Mainstream coverage often reduces anaemia in Indigenous populations to a medical issue, ignoring the structural determinants such as land dispossession, food insecurity, and underfunded healthcare systems. This review protocol highlights how colonial histories and ongoing marginalization contribute to persistent health disparities. A systemic approach is necessary to address the root causes, including inadequate policy integration and lack of culturally appropriate interventions.

⚡ Power-Knowledge Audit

This narrative is produced by academic researchers and health institutions, primarily for funding bodies and global health organizations. The framing serves to legitimize biomedical interventions while obscuring the role of colonialism and systemic inequities in shaping Indigenous health outcomes. It risks depoliticizing the issue by focusing on technical solutions over structural reform.

📐 Analysis Dimensions

Eight knowledge lenses applied to this story by the Cogniosynthetic Corrective Engine.

🔍 What's Missing

The original framing omits Indigenous knowledge systems, including traditional foodways and holistic health practices that have historically maintained well-being. It also lacks analysis of historical land dispossession and its impact on nutrition, as well as the exclusion of Indigenous voices in health policy design and implementation.

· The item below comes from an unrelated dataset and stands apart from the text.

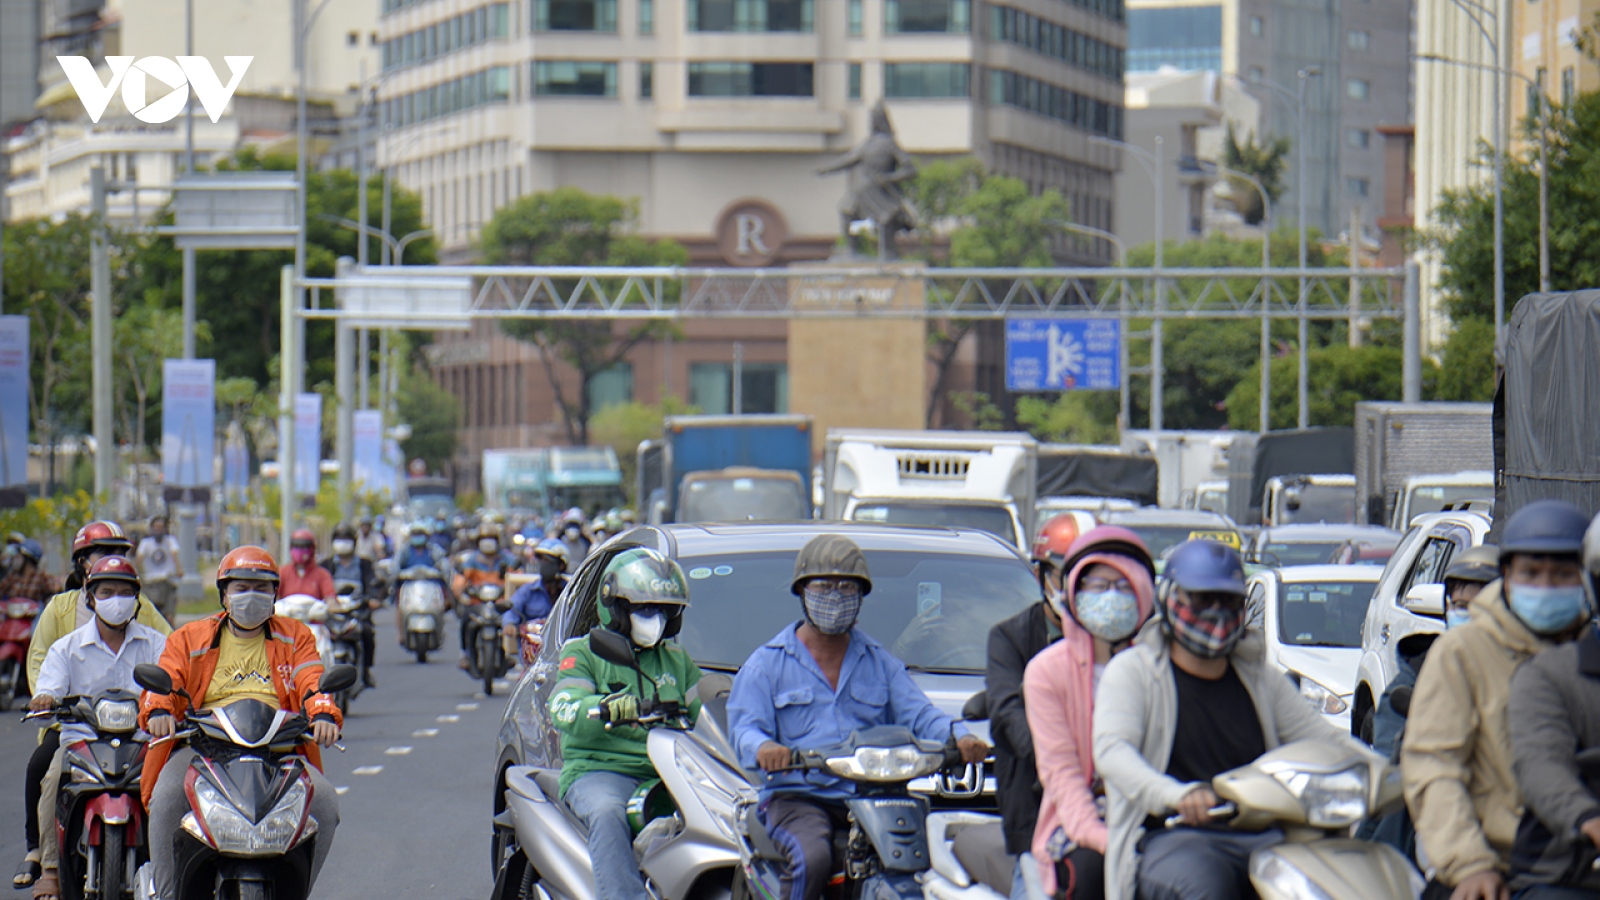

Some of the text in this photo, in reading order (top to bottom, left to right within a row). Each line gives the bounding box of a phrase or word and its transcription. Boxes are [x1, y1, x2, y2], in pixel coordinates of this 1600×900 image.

[735, 213, 770, 256] R
[649, 578, 680, 592] Grab
[874, 799, 917, 808] HONDA

An ACST audit of what the original framing omits. Eligible for cross-reference under the ACST vocabulary.

🛠️ Solution Pathways

  1. 01

    Land and Food Sovereignty Programs

    Support Indigenous-led land and food sovereignty initiatives to restore traditional diets and reduce anemia. These programs should be funded through long-term, community-controlled agreements that prioritize ecological and cultural restoration.

  2. 02

    Culturally Responsive Health Training

    Train healthcare providers in Indigenous health paradigms, including the importance of cultural safety, historical trauma, and holistic health practices. This training should be mandatory for all public health workers operating in Indigenous communities.

  3. 03

    Community-Led Health Research

    Fund and support community-led research that integrates Indigenous knowledge systems with biomedical science. This approach ensures that health interventions are co-designed and evaluated by the communities they aim to serve.

  4. 04

    Policy Integration of Indigenous Governance

    Integrate Indigenous governance structures into national and global health policy frameworks. This includes recognizing Indigenous health authorities and ensuring they have decision-making power over health programs affecting their populations.

🧬 Integrated Synthesis

Anemia among Indigenous populations is not merely a medical issue but a symptom of systemic inequities rooted in colonial history and ongoing marginalization. The review protocol highlights the need to move beyond biomedical interventions and toward solutions that restore Indigenous sovereignty over land, food, and health. By integrating Indigenous knowledge systems, addressing historical trauma, and supporting community-led governance, it is possible to create sustainable, culturally grounded health outcomes. This approach aligns with successful models in Māori and Aboriginal health, where holistic, community-based strategies have led to measurable improvements in nutrition and well-being. The path forward requires a reimagining of global health policy that centers Indigenous voices and recognizes the structural barriers they face.